YOUR ASSIGNMENT
Extract all records. Keep each one exact.

Stored records
☆ ☆ ☆ ☆ ☆ ☆ ☆

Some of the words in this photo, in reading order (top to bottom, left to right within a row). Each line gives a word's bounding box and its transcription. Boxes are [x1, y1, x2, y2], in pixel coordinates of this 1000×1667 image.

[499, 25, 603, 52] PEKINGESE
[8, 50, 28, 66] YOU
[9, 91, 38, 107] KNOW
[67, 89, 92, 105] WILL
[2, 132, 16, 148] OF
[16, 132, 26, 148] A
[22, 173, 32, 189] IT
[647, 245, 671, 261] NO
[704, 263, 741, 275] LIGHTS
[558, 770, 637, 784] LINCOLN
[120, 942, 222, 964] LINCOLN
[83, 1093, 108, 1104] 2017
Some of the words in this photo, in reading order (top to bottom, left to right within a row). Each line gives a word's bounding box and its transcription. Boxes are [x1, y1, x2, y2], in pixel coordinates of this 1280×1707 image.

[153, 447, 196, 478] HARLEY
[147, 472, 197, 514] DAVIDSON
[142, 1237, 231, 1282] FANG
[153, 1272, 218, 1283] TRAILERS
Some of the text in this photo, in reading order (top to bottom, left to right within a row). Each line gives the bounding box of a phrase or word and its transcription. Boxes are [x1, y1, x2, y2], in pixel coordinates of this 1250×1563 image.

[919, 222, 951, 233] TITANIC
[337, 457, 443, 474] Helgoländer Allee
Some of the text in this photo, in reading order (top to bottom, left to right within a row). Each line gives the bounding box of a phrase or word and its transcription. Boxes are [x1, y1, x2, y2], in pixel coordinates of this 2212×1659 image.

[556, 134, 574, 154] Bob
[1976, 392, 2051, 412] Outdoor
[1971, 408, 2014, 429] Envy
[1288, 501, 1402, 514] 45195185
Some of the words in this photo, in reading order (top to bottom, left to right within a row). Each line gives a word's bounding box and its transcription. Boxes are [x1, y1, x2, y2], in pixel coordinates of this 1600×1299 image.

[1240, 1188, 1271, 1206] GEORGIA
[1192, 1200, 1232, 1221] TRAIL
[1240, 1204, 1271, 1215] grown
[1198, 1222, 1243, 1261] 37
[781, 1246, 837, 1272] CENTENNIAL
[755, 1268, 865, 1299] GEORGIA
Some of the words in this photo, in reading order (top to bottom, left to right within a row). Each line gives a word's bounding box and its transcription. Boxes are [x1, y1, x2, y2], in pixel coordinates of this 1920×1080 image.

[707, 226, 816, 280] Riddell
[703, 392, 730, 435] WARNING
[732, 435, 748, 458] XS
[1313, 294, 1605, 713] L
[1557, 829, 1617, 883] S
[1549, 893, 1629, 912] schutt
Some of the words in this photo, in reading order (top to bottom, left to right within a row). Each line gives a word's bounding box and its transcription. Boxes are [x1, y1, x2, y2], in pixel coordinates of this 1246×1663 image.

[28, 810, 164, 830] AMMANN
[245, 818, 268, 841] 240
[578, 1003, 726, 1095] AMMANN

☆ ☆ ☆ ☆ ☆ ☆ ☆

ANSWER TO THIS TASK
Some of the words in this photo, in reading order (top to bottom, left to right within a row). Each line gives a word's bounding box and its transcription. Boxes are [x1, y1, x2, y2], in pixel coordinates of this 1000×1667 image.

[499, 25, 603, 52] PEKINGESE
[8, 50, 28, 66] YOU
[9, 91, 38, 107] KNOW
[67, 89, 92, 105] WILL
[2, 132, 16, 148] OF
[16, 132, 26, 148] A
[22, 173, 32, 189] IT
[647, 245, 671, 261] NO
[704, 263, 741, 275] LIGHTS
[558, 770, 637, 784] LINCOLN
[120, 942, 222, 964] LINCOLN
[83, 1093, 108, 1104] 2017
Some of the words in this photo, in reading order (top to bottom, left to right within a row). Each line gives a word's bounding box and its transcription. Boxes are [x1, y1, x2, y2], in pixel coordinates of this 1280×1707 image.

[153, 447, 196, 478] HARLEY
[147, 472, 197, 514] DAVIDSON
[142, 1237, 231, 1282] FANG
[153, 1272, 218, 1283] TRAILERS
Some of the text in this photo, in reading order (top to bottom, left to right within a row). Each line gives the bounding box of a phrase or word and its transcription. Boxes are [x1, y1, x2, y2], in pixel coordinates of this 1250×1563 image.

[919, 222, 951, 233] TITANIC
[337, 457, 443, 474] Helgoländer Allee
Some of the text in this photo, in reading order (top to bottom, left to right within a row). Each line gives the bounding box of a phrase or word and its transcription. Boxes are [x1, y1, x2, y2], in pixel coordinates of this 2212×1659 image.

[556, 134, 574, 154] Bob
[1976, 392, 2051, 412] Outdoor
[1971, 408, 2014, 429] Envy
[1288, 501, 1402, 514] 45195185
Some of the words in this photo, in reading order (top to bottom, left to right within a row). Each line gives a word's bounding box and its transcription. Boxes are [x1, y1, x2, y2], in pixel coordinates of this 1600×1299 image.

[1240, 1188, 1271, 1206] GEORGIA
[1192, 1200, 1232, 1221] TRAIL
[1240, 1204, 1271, 1215] grown
[1198, 1222, 1243, 1261] 37
[781, 1246, 837, 1272] CENTENNIAL
[755, 1268, 865, 1299] GEORGIA
Some of the words in this photo, in reading order (top to bottom, left to right within a row). Each line gives a word's bounding box and its transcription. Boxes are [x1, y1, x2, y2], in pixel coordinates of this 1920×1080 image.

[707, 226, 816, 280] Riddell
[703, 392, 730, 435] WARNING
[732, 435, 748, 458] XS
[1313, 294, 1605, 713] L
[1557, 829, 1617, 883] S
[1549, 893, 1629, 912] schutt
Some of the words in this photo, in reading order (top to bottom, left to right within a row). Each line gives a word's bounding box and its transcription. Boxes are [x1, y1, x2, y2], in pixel coordinates of this 1246×1663 image.

[28, 810, 164, 830] AMMANN
[245, 818, 268, 841] 240
[578, 1003, 726, 1095] AMMANN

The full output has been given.